⟨
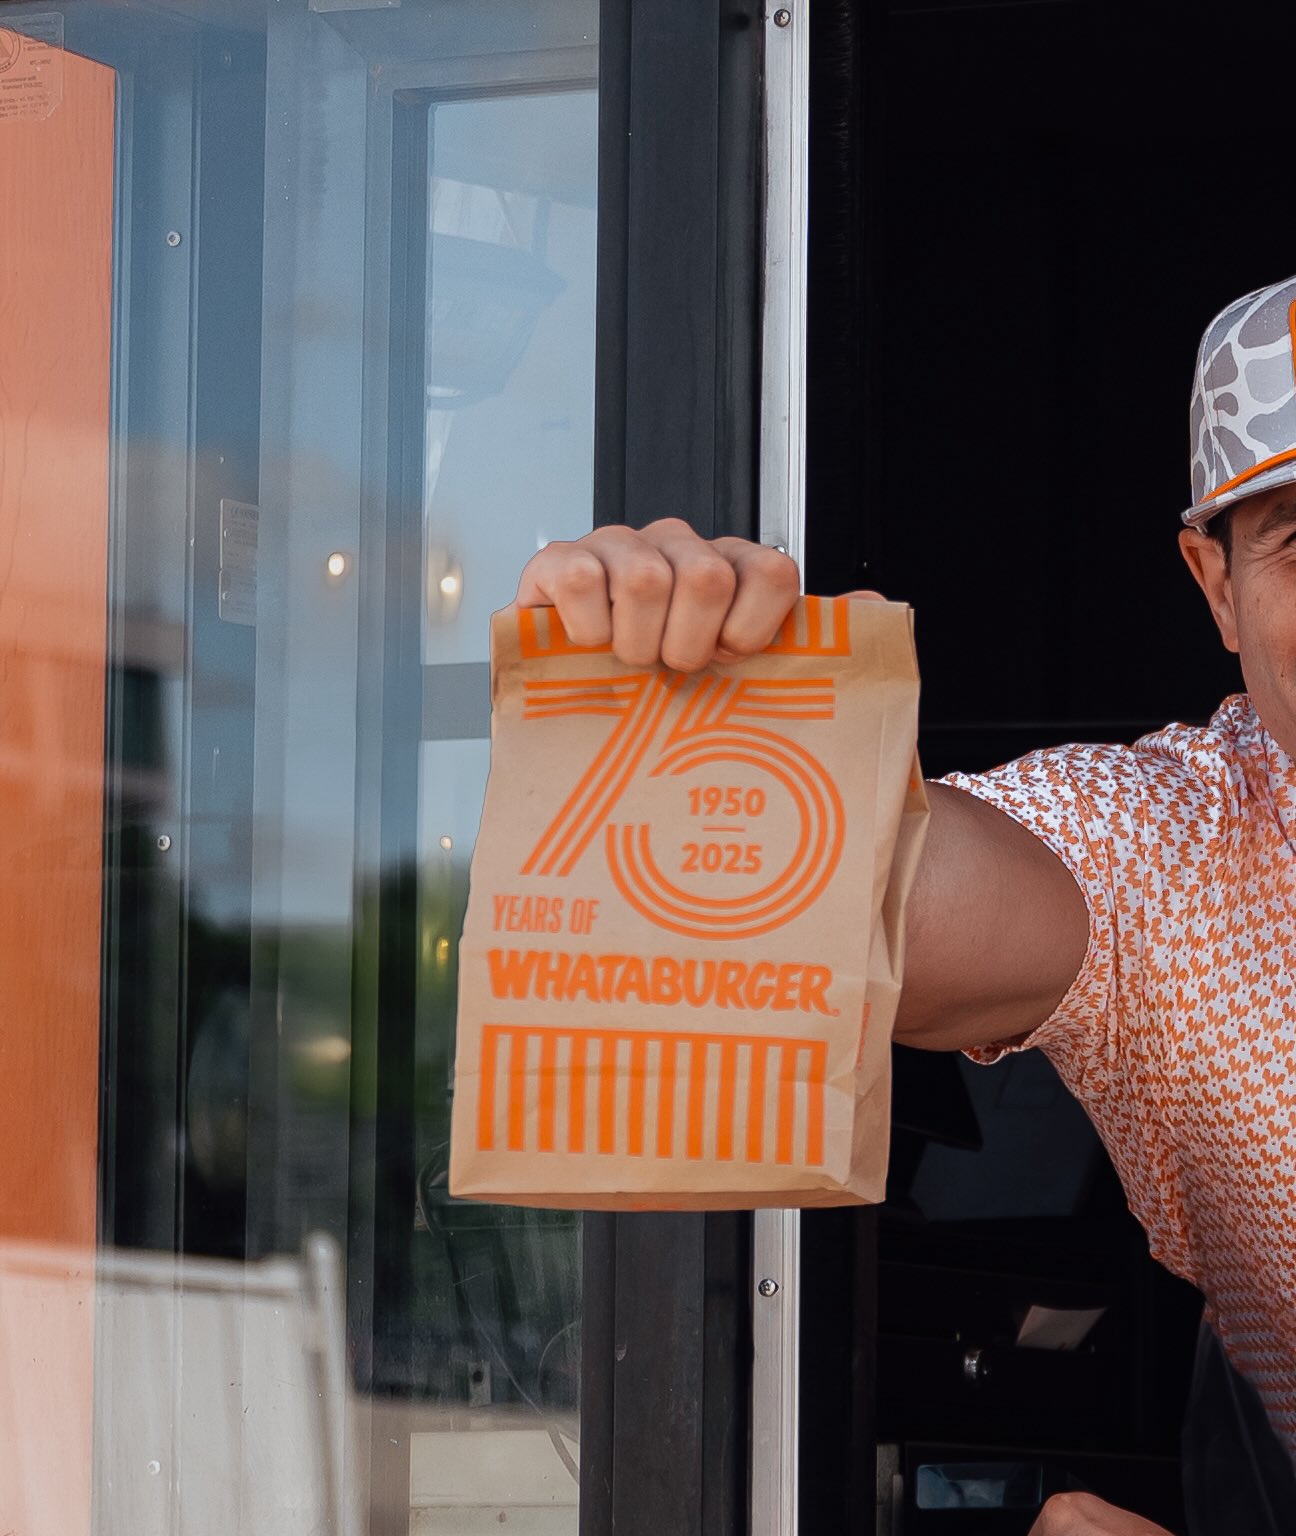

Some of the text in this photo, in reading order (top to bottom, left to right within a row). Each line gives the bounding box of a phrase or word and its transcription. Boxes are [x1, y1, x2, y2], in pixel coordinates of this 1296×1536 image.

[519, 671, 847, 941] 75
[687, 786, 766, 817] 1950
[681, 842, 762, 874] 2025
[493, 895, 600, 935] YEARS OF
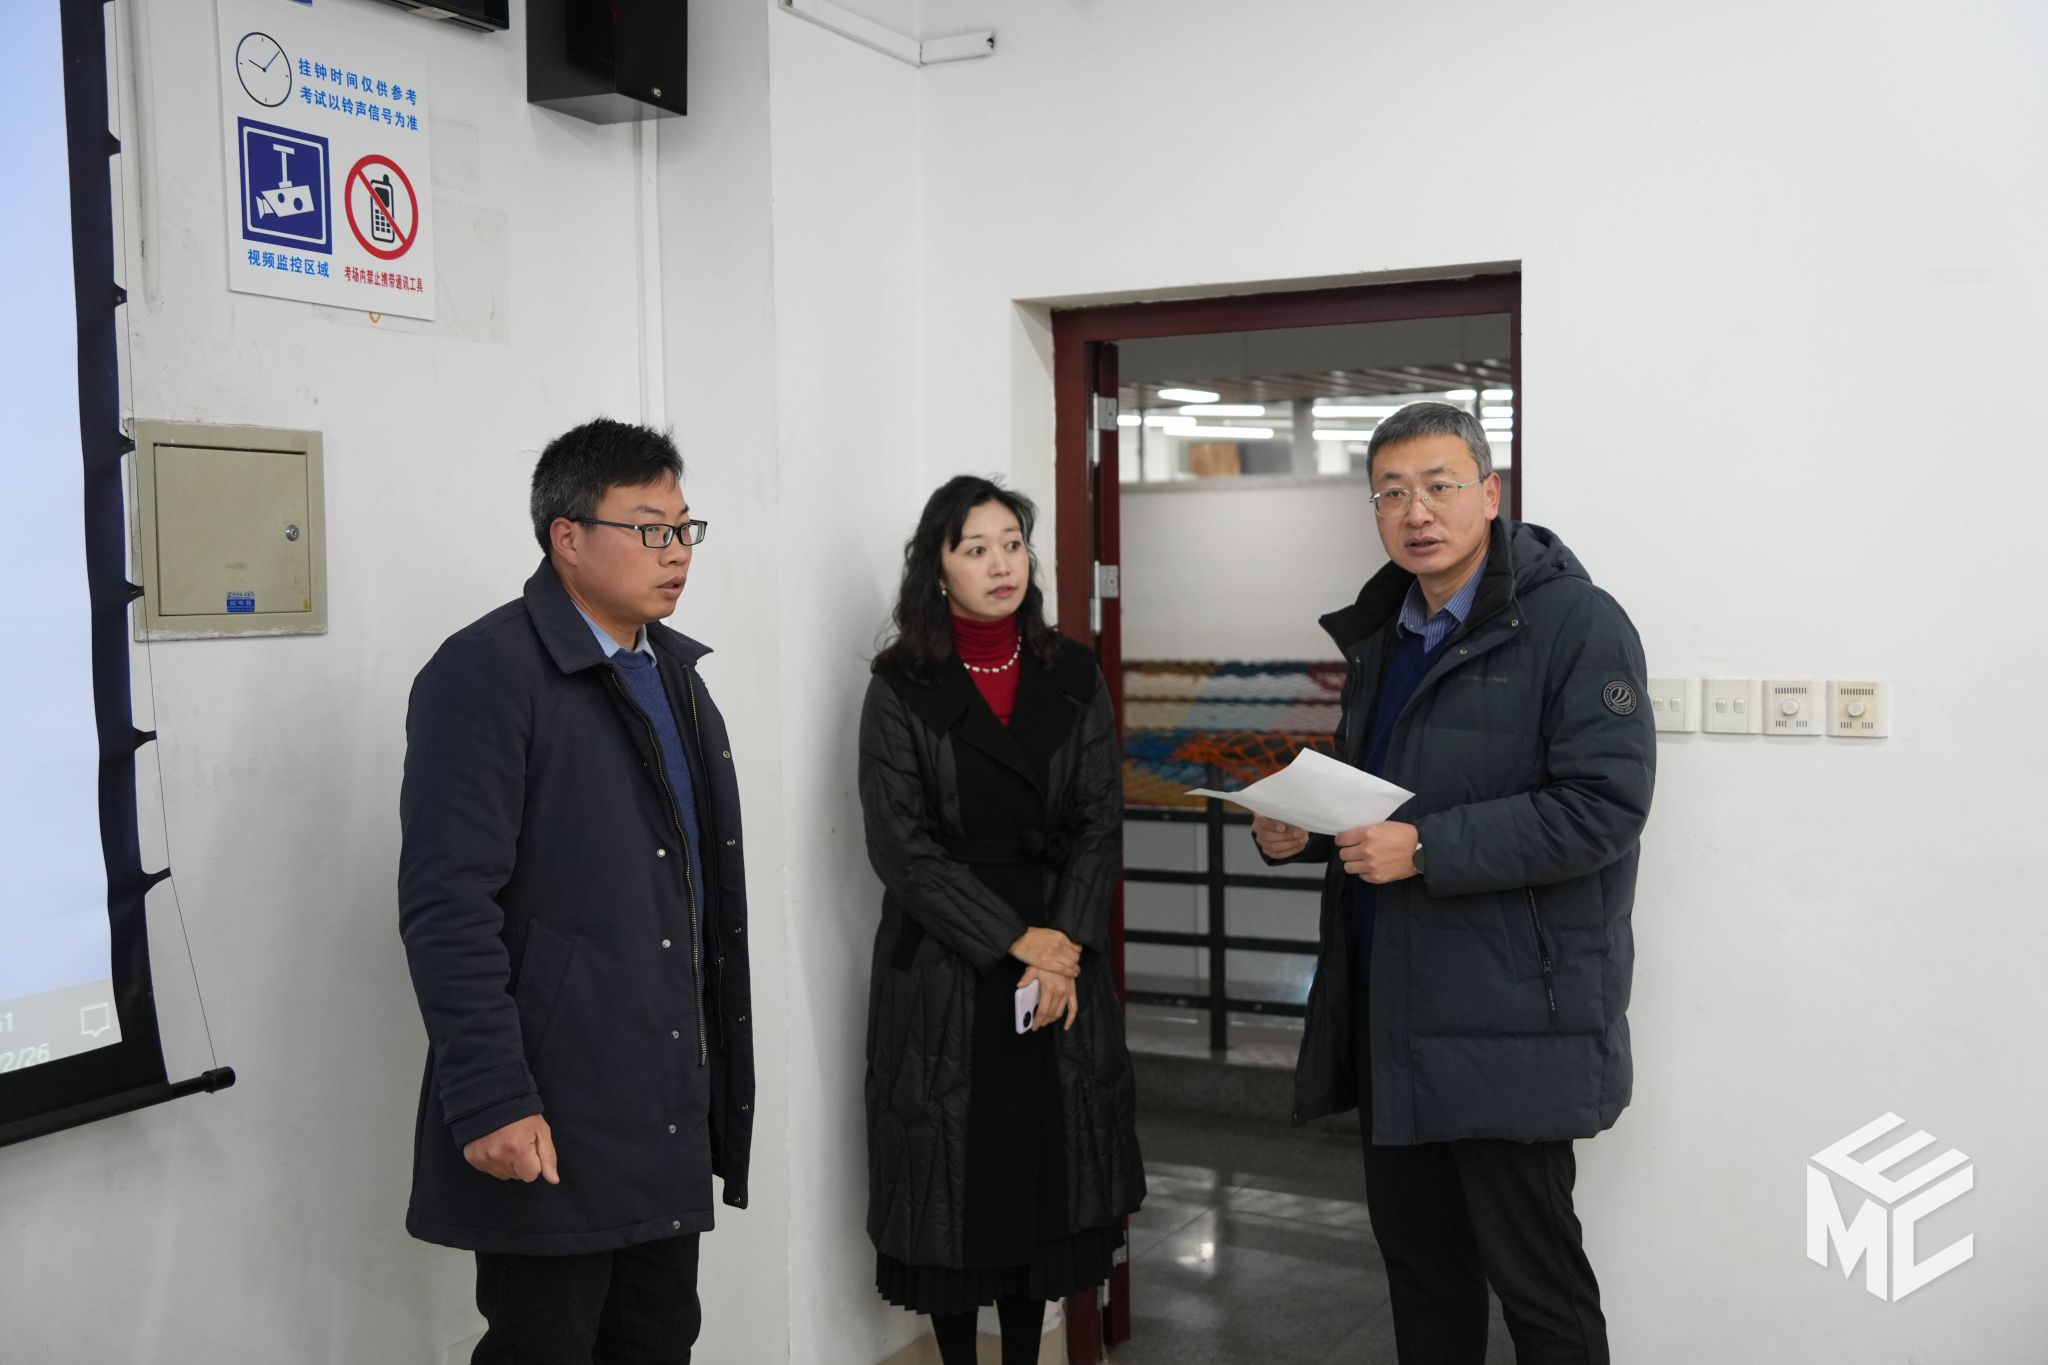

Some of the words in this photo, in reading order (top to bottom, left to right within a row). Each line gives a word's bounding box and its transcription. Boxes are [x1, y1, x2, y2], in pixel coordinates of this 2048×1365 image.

[298, 57, 418, 106] 挂钟时间仅供参考
[300, 86, 419, 131] 考试以铃声信号为准
[247, 248, 330, 278] 视频监控区域
[344, 264, 424, 293] 考场内禁止携带通讯工具
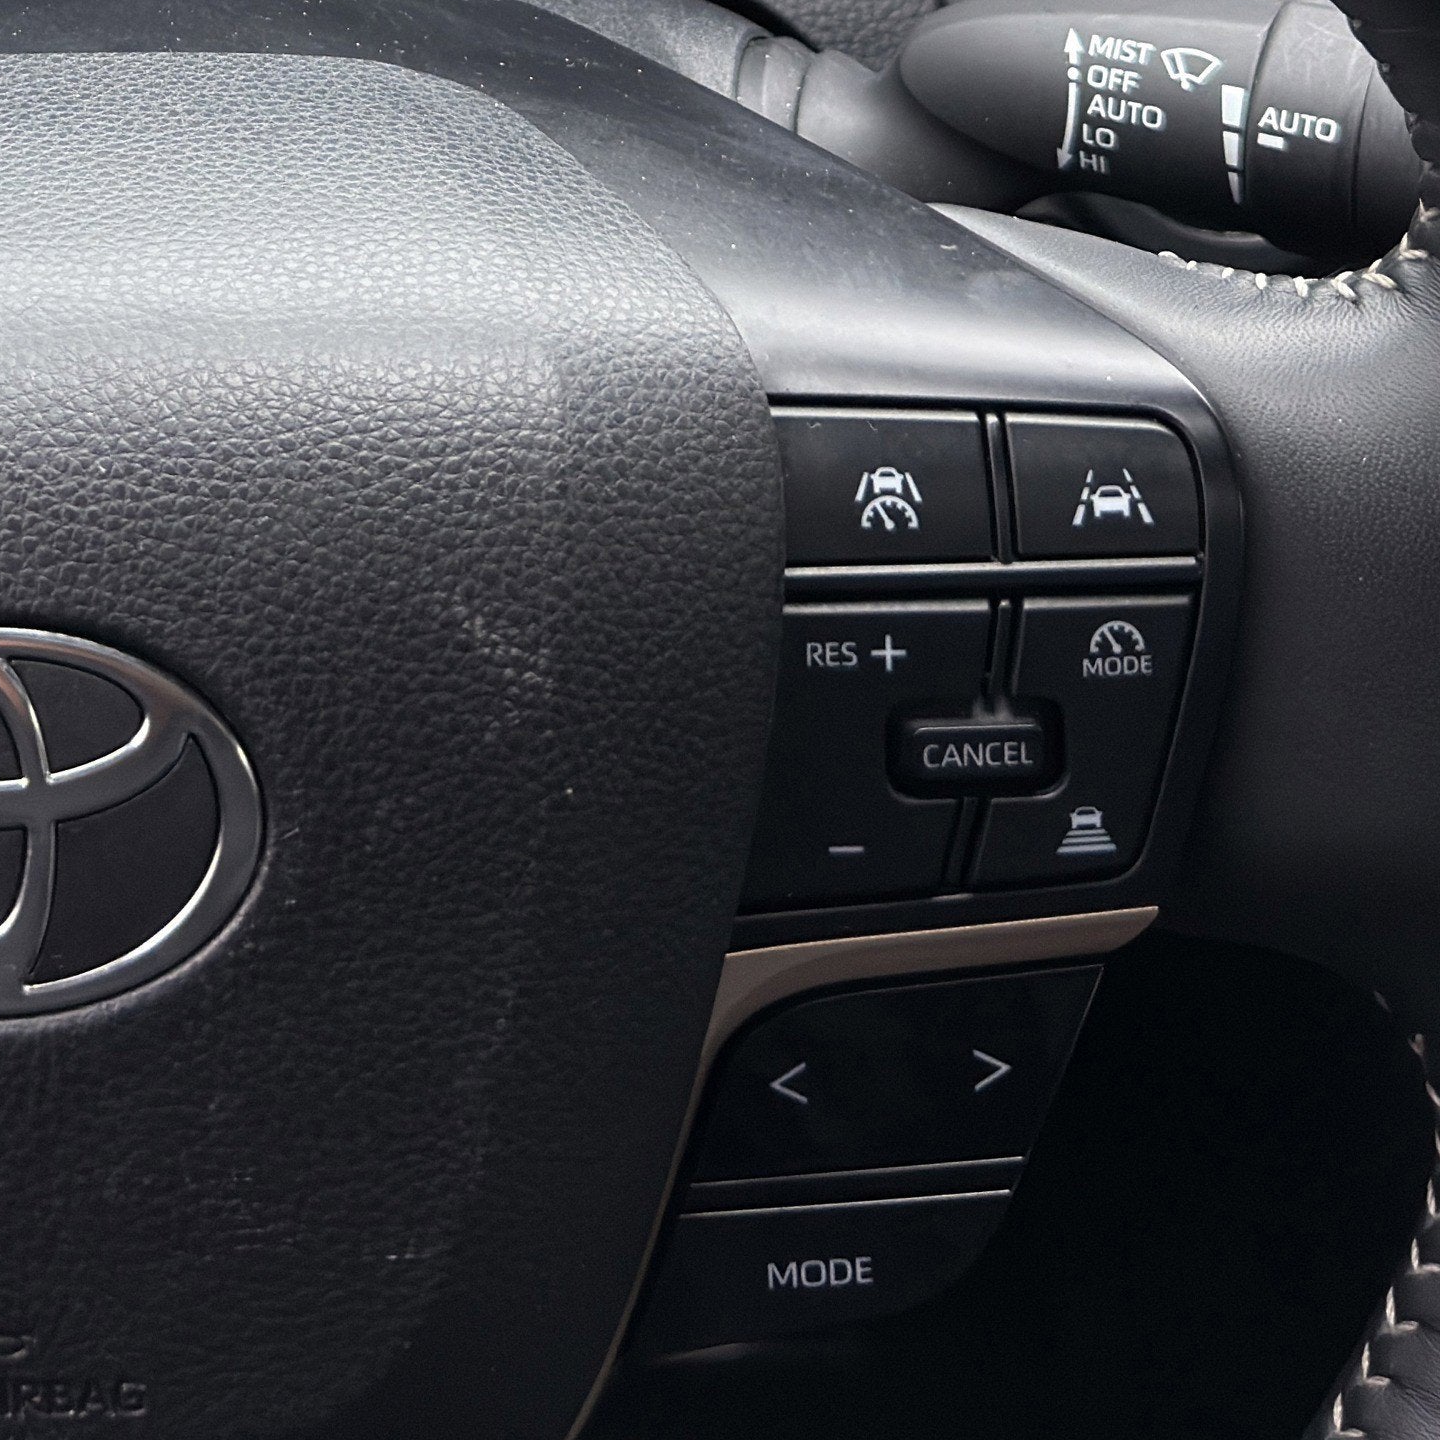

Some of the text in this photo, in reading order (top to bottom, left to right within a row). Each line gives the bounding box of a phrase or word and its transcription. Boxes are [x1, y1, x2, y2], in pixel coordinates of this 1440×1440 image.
⟩
## Work required
Starting at the first entry above and ending at the last, write everything out exactly except the pictures.

## Task result
Some of the text in this photo, in reading order (top to bottom, left to right within a row). Each line gives the bounding box of a phrase or word and its transcription. Boxes are [x1, y1, x2, y2], in pixel coordinates of this 1296×1536 image.

[519, 671, 847, 941] 75
[687, 786, 766, 817] 1950
[681, 842, 762, 874] 2025
[493, 895, 600, 935] YEARS OF

Some of the words in this photo, in reading order (top to bottom, left to right within a row). Each line gives a word's bounding box and its transcription. Boxes are [x1, y1, x2, y2], in pixel coordinates of this 2048×1365 image.

[298, 57, 418, 106] 挂钟时间仅供参考
[300, 86, 419, 131] 考试以铃声信号为准
[247, 248, 330, 278] 视频监控区域
[344, 264, 424, 293] 考场内禁止携带通讯工具

Some of the text in this photo, in reading order (top to bottom, left to right within a row). Each line gives the bounding box of a phrase or word and its transcription. Boxes are [x1, y1, x2, y2], in pixel coordinates of this 1440×1440 image.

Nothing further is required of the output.